And so the teenage prodigies from Texas abandoned rock ‘n’ roll and the big beat more or less forever, and found their “true calling” in folksy, acoustic music, dedicating their work – as they did their lives – to the teachings of a Persian religious leader who had been dead for almost 100 years.
Day got them a record contract in 1970, with Talent Associates (TA), a low–budget subsidiary of Bell. Two albums were released that year, Seals and Crofts and Down Home, both largely self–written collections of “wandering troubadour music.” They were sweet, simple and folksy, and despite the release of two singles from each album, there were no sales to speak of.
Still, Seals and Crofts’ performance following grew progressively larger, and in early 1971 they were signed to Warner Brothers Records, then on a roll with James Taylor and on the lookout for more introspective singer–songwriters to bankroll.
Seals and Crofts’ sound, a vaguely medieval blend of acoustic guitar and mandolin, was mannered and polite, courtly even, and their lyrics – almost always penned by Seals alone – were radiant and positive, talking of a kind of love that could have been about the opposite sex or about God, depending on how you read them. The songs were full of love, faith, peace and talk of “the truth.” And that, not to put too fine a point on it, was the sort of thing that was selling in 1971.
To produce their first Warners album, Seals and Crofts brought in their old Dawnbreaker chum Louis Shelton (suddenly they could afford him). To further keep it in the family, Joe Bogan became their engineer. Crofts, Shelton and Bogan were at the time happily married to the three Day sisters. “We had been drawing 3,500 to 4,000 people a night for like two years without a record,” Seals recalls. “So we felt like, if we ever got a record that would appeal to the masses, we would be able to draw more people and have a career.”
Year Of Sunday was released on Warner Brothers in the waning days of 1971. A vast improvement, sonically, over the TA albums, it also featured sharper and more pointed songwriting. One particular ballad, “Antoinette,” was an exquisite blend of harmony vocal, acoustic guitar and mandolin soloing.

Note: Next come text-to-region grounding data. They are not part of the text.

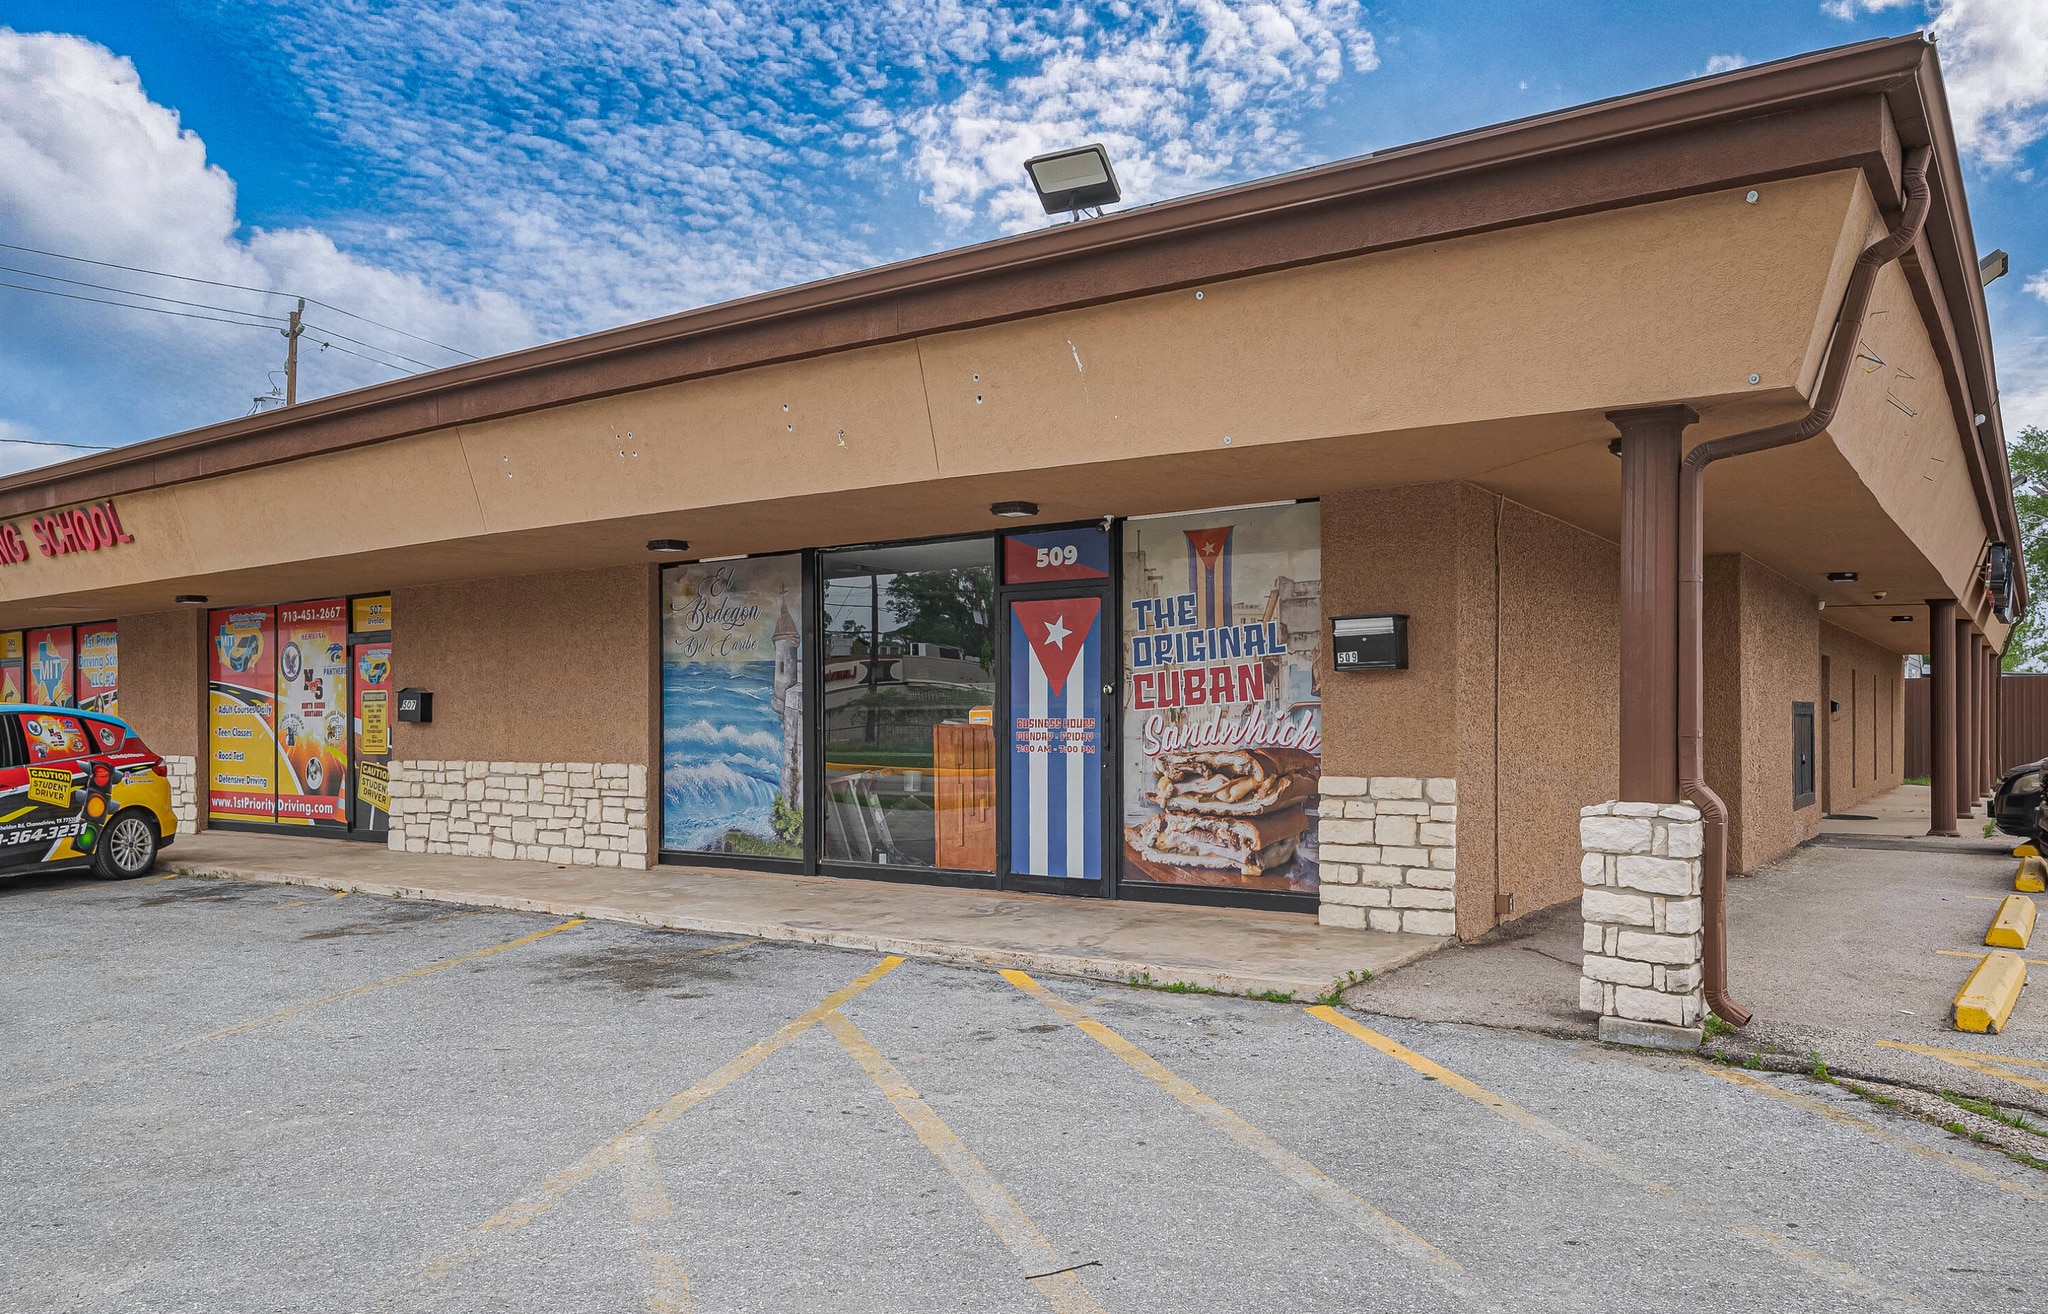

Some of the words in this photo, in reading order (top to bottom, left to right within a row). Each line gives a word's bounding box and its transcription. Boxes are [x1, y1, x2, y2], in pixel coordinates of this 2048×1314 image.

[31, 500, 134, 558] SCHOOL
[1036, 545, 1078, 567] 509
[698, 566, 735, 597] El
[282, 606, 341, 623] 713-451-2667
[370, 604, 382, 615] 507
[670, 595, 761, 632] Bodegon
[1131, 592, 1197, 631] THE
[85, 634, 94, 648] 1st
[220, 635, 234, 647] MIT
[301, 632, 326, 640] SERVING
[675, 634, 709, 658] Del
[711, 633, 758, 657] Caribe
[1132, 621, 1287, 668] ORIGINAL
[78, 653, 103, 670] Driving
[1338, 652, 1358, 663] 509
[39, 659, 60, 680] MIT
[91, 672, 103, 687] LLC
[104, 671, 116, 686] #2
[1132, 662, 1264, 711] CUBAN
[218, 704, 233, 714] Adult
[234, 704, 256, 714] Courses
[257, 703, 272, 716] Daily
[402, 700, 416, 710] 507
[1017, 718, 1061, 729] BUSINESS
[1063, 718, 1095, 729] HOURS
[218, 727, 231, 737] Teen
[232, 727, 252, 737] Classes
[1016, 731, 1053, 741] MONDAY
[1061, 731, 1094, 741] FRIDAY
[1143, 706, 1321, 757] Sandwhich
[218, 750, 232, 760] Road
[233, 751, 244, 760] Test
[1016, 744, 1035, 753] 7:00
[1037, 744, 1052, 753] AM
[1059, 744, 1078, 753] 7:00
[1080, 745, 1095, 754] PM
[31, 770, 70, 781] CAUTION
[218, 774, 245, 785] Defensive
[246, 775, 267, 787] Driving
[33, 780, 68, 793] STUDENT
[35, 788, 64, 800] DRIVER
[364, 787, 387, 804] DRIVER

The Baha’i influences were everywhere if you looked. “When I Meet Them,” the first single, was a plea for universal brotherhood, as was the R&B–flavored “Sudan Village.” The title track, in fact was based around the Baha’i belief in “progressive revelation,” that is, the teachings of the prophets, in succession, forming a sort of map for mankind to follow. “We all live in a year of Sunday,” then, meant that every day was like a church day, with something to be learned. Heady stuff was for the pop charts, to be sure, but expertly put across. Despite a massive promotional push by the label, however, Year Of Sunday did not light the world on fire.
Those were the days when record companies actually believed in their artists, and instead of getting the hook for their poor sales showing, Seals and Crofts were encouraged to try again. “This was all an experiment,” Seals says. “We never dreamed we’d be heard on the air. Some of it sounds like shopping cart music. Nobody knew what they were doing.”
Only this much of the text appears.